Silver linings in the pandemic
Protein ZAP inhibits multiplication of SARS-CoV-2 by 20-fold / Study published in "Nature Communications"
Würzburg / Braunschweig, Germany, December 10, 2021 – Scientists at the Würzburg Helmholtz Institute for RNA-based Infection Research (HIRI) and the Helmholtz Centre for Infection Research (HZI) in Braunschweig demonstrate for the first time how ZAP, a protein of the human immune defense system, inhibits the replication mechanism of the SARS-CoV-2 coronavirus and can reduce the viral load by 20-fold. The findings were published today in the journal Nature Communications. They may help develop antiviral agents in the fight against the pandemic.
SARS-CoV-2 and other viruses whose genetic material consists of ribonucleic acids (RNA) use a propagation trick called programmed ribosomal reading frameshift. In doing so, these viruses prove to be masters of manipulation: they invade host cells and hijack the process the cells use to read the genetic information from a messenger RNA and produce proteins. The viruses alter the reading frame: this allows them to produce their own proteins in order to multiply.
In the search for ways to stop this propagation trick in the SARS-CoV-2 coronavirus, researchers at HIRI have now identified a restriction factor called ZAP. ZAP (Zinc Finger Antiviral Protein) is already known as an immunomodulatory and antiviral protein. "ZAP is a multifunctional molecule in the immune response that can calm an exuberant immune response and shut down viral activity," explains Neva Caliskan, research group leader at HIRI and principal investigator of the study.
Sharp drop in viral load
Until now, it had not been explored whether and how proteins such as ZAP interfere with the ribosomal frameshift of SARS-CoV-2. "The frameshift event has evolved as a hallmark of viral replication. This makes it a very attractive drug target," said Matthias Zimmer, one of the two first authors of the study. "Interestingly, we were able to demonstrate that ZAP binds to the viral RNA that triggers the frameshift," adds the HIRI PhD student from Caliskan's research group.
"ZAP interferes with the structural folding of coronavirus RNA and disrupts the signal that SARS-CoV-2 sends to induce host cells to produce its replication enzymes," says HIRI PhD student Anuja Kibe, second first author of the study, describing the protein's antiviral effect. And what's more: in collaboration with researchers at the HZI, the team was able to demonstrate that host cells with elevated levels of ZAP show an approximately 20-fold reduction in the amount of virus they produce. The presence – or absence – of the protein could thus also be an indicator of whether a corona infection takes a mild or severe course.

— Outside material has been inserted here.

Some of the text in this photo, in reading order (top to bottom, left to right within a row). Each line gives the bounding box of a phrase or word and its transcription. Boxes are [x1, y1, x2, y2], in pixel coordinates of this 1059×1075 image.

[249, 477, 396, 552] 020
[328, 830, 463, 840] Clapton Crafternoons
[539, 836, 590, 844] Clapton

More research is needed to fully understand the molecular mechanisms behind this. However, the study results are already extremely promising: "Our findings give us hope that ZAP could be used as a template to develop potential new antiviral agents," says Caliskan.
About ZAP in the current study
Zinc Finger Antiviral Protein (ZAP for short) is a multifunctional immune defense protein that inhibits the replication of certain viruses. It exists in a short (ZAP-S) and a long form (ZAP-L). The effects described in the current study refer to ZAP-S.
About the HIRI
The Helmholtz Institute for RNA-based Infection Research (HIRI) is the first institution worldwide to combine ribonucleic acid (RNA) research with infection biology. Based on novel findings from its strong basic research program, the institute's long-term goal is to develop innovative therapeutic approaches to better diagnose and treat human infections.
HIRI is a location of the Helmholtz Centre for Infection Research (HZI) in Braunschweig in cooperation with the Julius-Maximilians-Universität Würzburg (JMU) and is located on the Würzburg Medical Campus.
Zimmer M, Kibe A, Rand U, Pekarek L, Ye L, Buck S, Smyth R, Cicin-Sain L, Caliskan N. The short isoform of the host antiviral protein ZAP acts as an inhibitor of SARS-CoV-2 programmed ribosomal frameshifting. Nature Communications, Dec. 10, 2021 DOI: 10.1038/s41467-021-27431-0.
The study was supported by funding from the Helmholtz Association, the Lower Saxony Ministry of Science and Culture, and the European Research Council.